*** Stored data ***

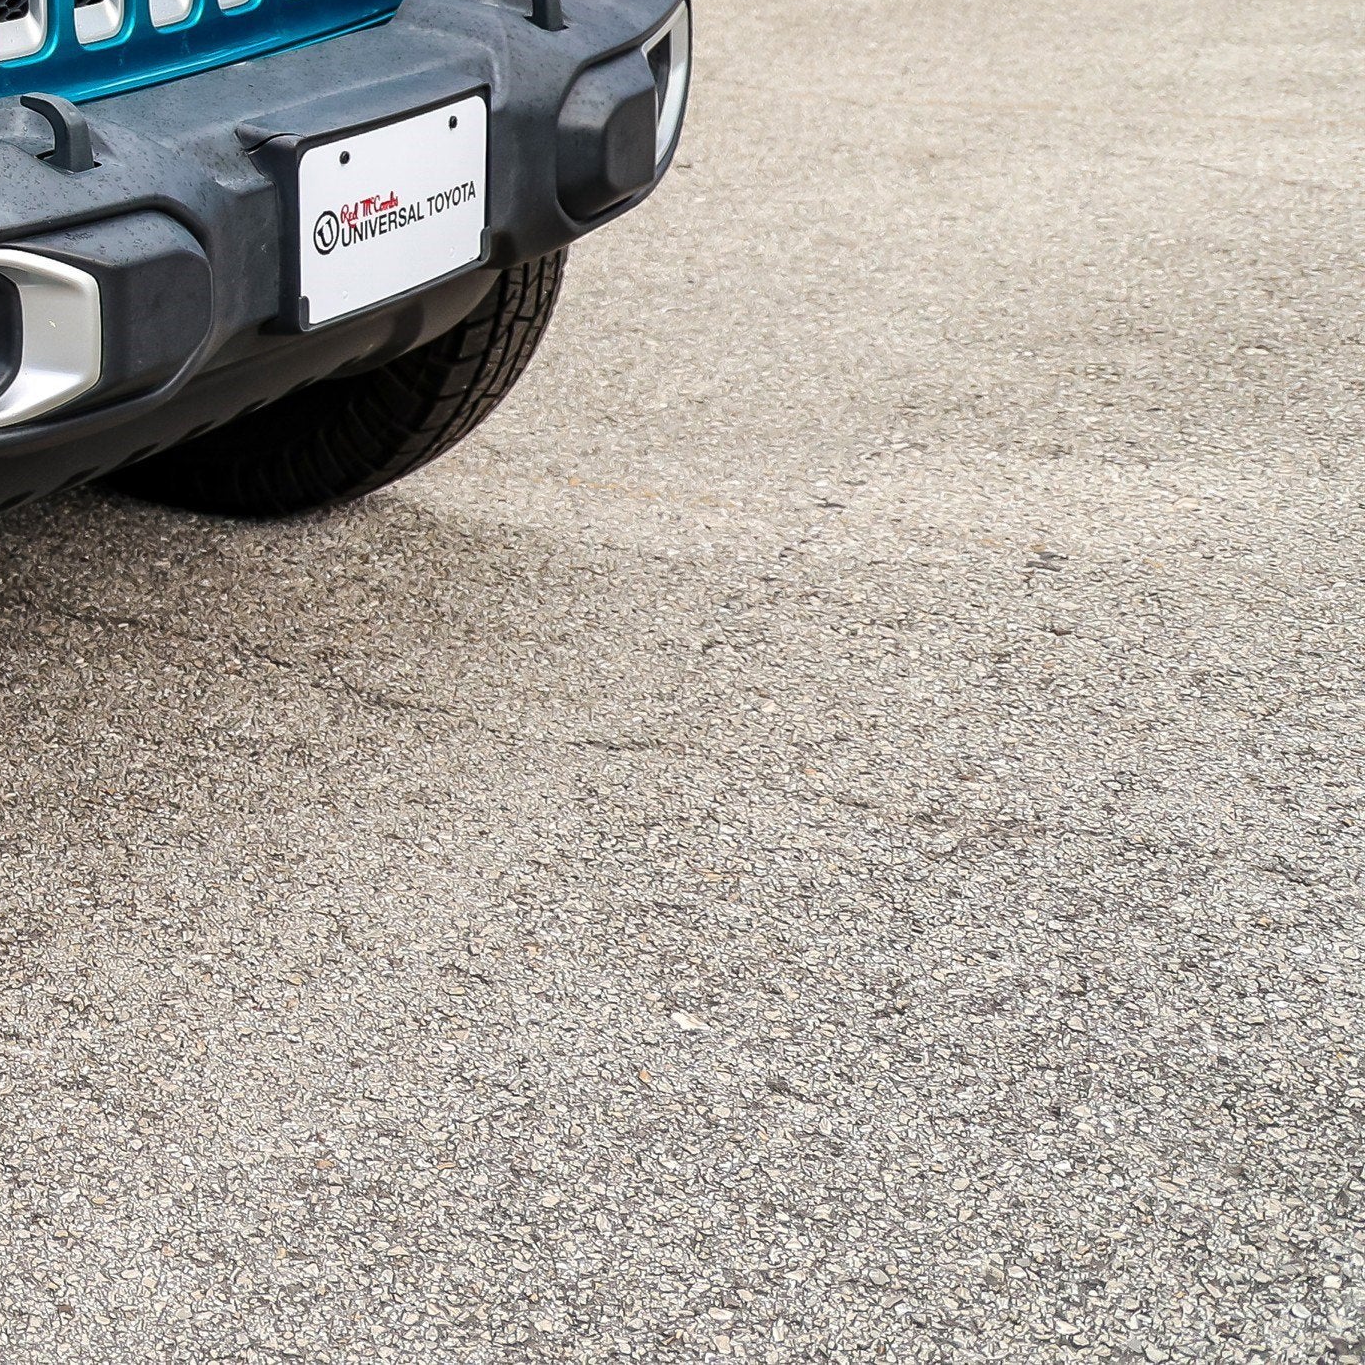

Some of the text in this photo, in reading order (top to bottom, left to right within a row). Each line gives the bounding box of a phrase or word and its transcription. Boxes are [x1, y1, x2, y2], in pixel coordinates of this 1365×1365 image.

[340, 202, 359, 228] Red
[341, 201, 425, 247] UNIVERSAL
[426, 181, 476, 216] TOYOTA
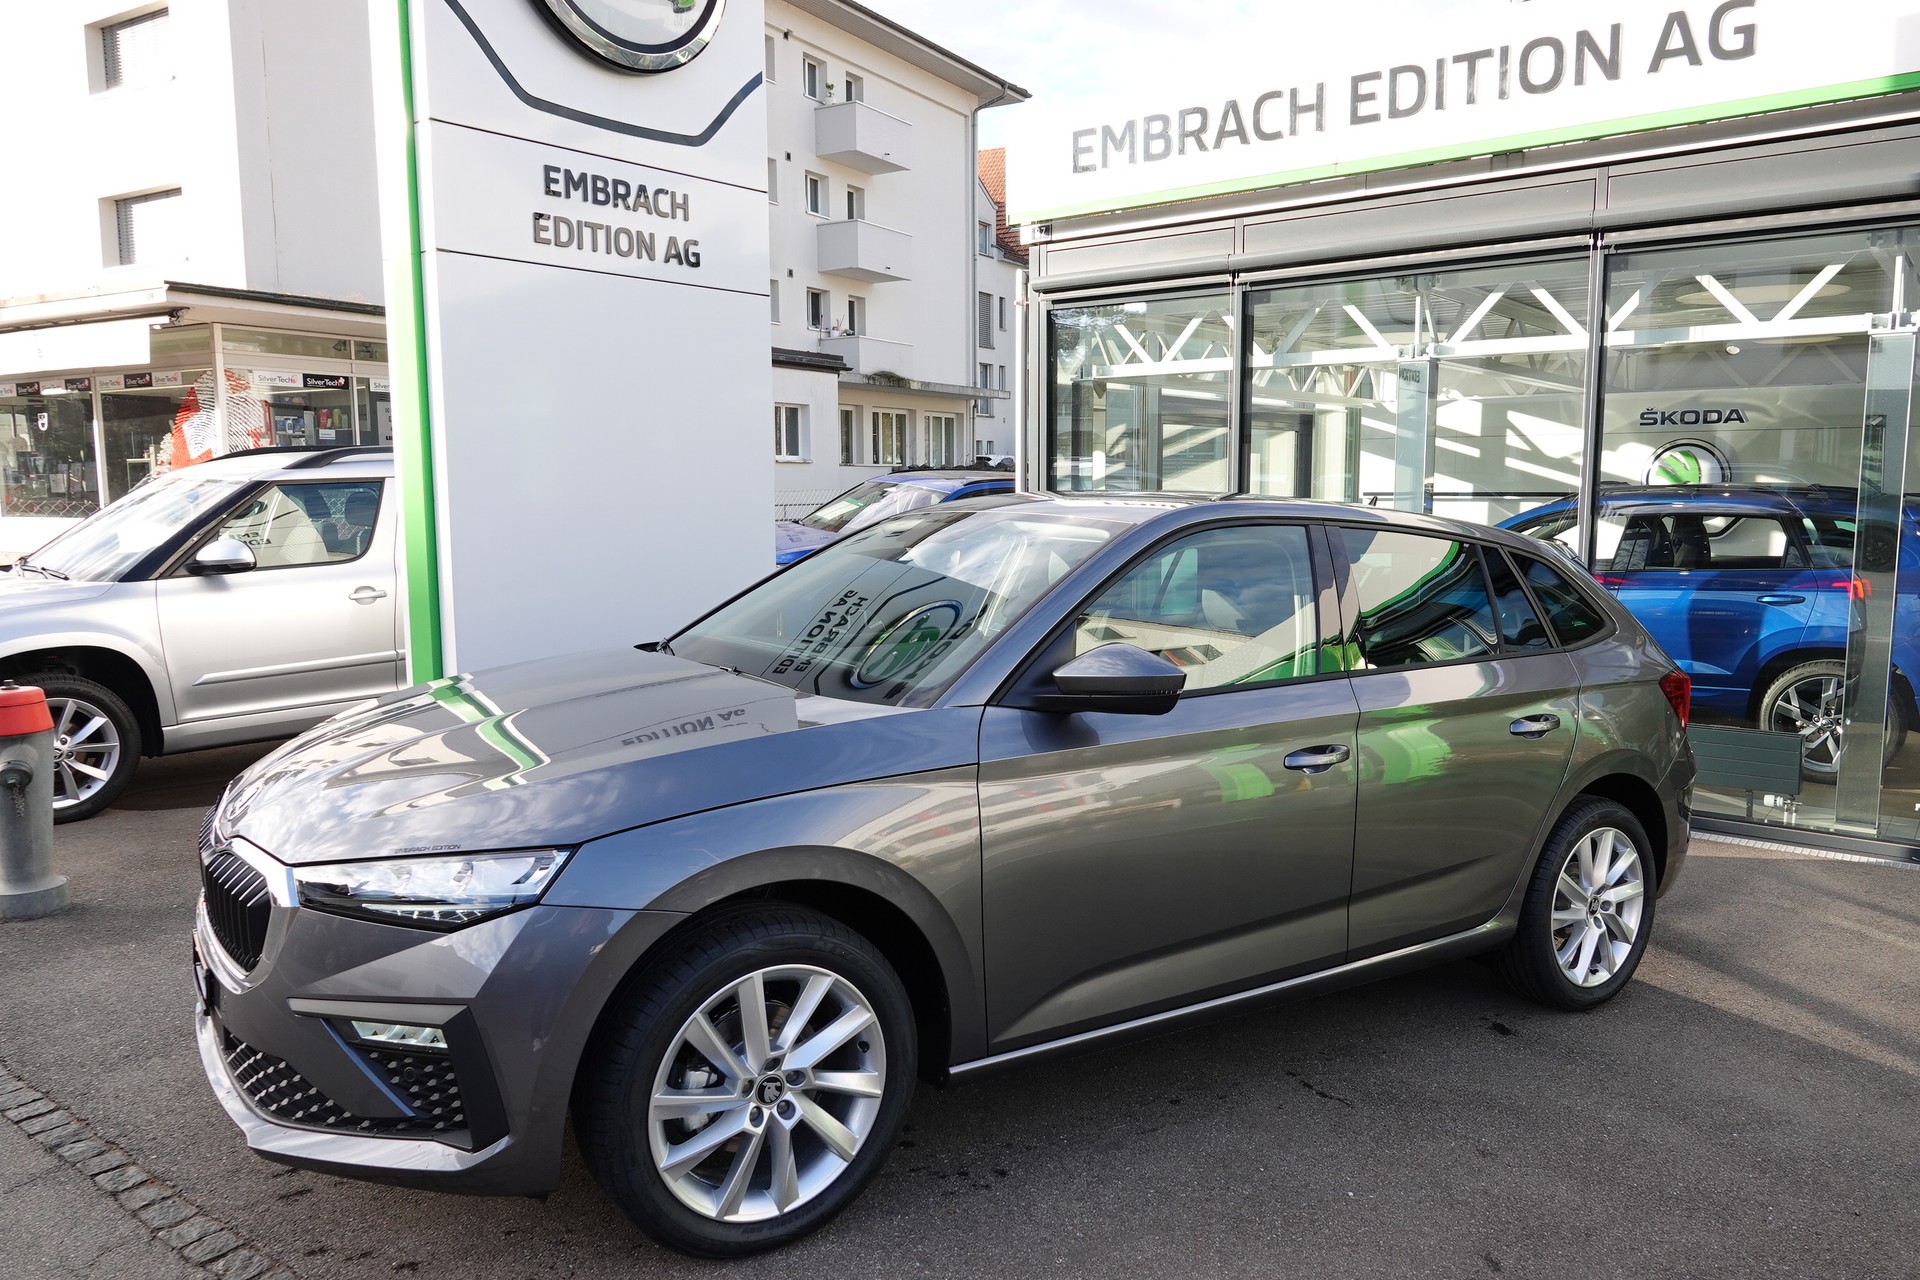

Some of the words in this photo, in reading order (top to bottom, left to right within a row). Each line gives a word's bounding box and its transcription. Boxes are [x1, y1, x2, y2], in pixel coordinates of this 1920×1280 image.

***

What is being asked: For this exercise, return the records above in full and exactly, omitting the images.

Task solution:
Some of the text in this photo, in reading order (top to bottom, left to right within a row). Each line gives the bounding box of a phrase or word and its transcription. Boxes are [x1, y1, x2, y2], in pixel coordinates of this 1365×1365 image.

[340, 202, 359, 228] Red
[341, 201, 425, 247] UNIVERSAL
[426, 181, 476, 216] TOYOTA

Some of the words in this photo, in reading order (top to bottom, left to right within a row). Each line gives a word's bounding box and its transcription. Boxes are [x1, y1, x2, y2], in pixel coordinates of this 1920×1280 image.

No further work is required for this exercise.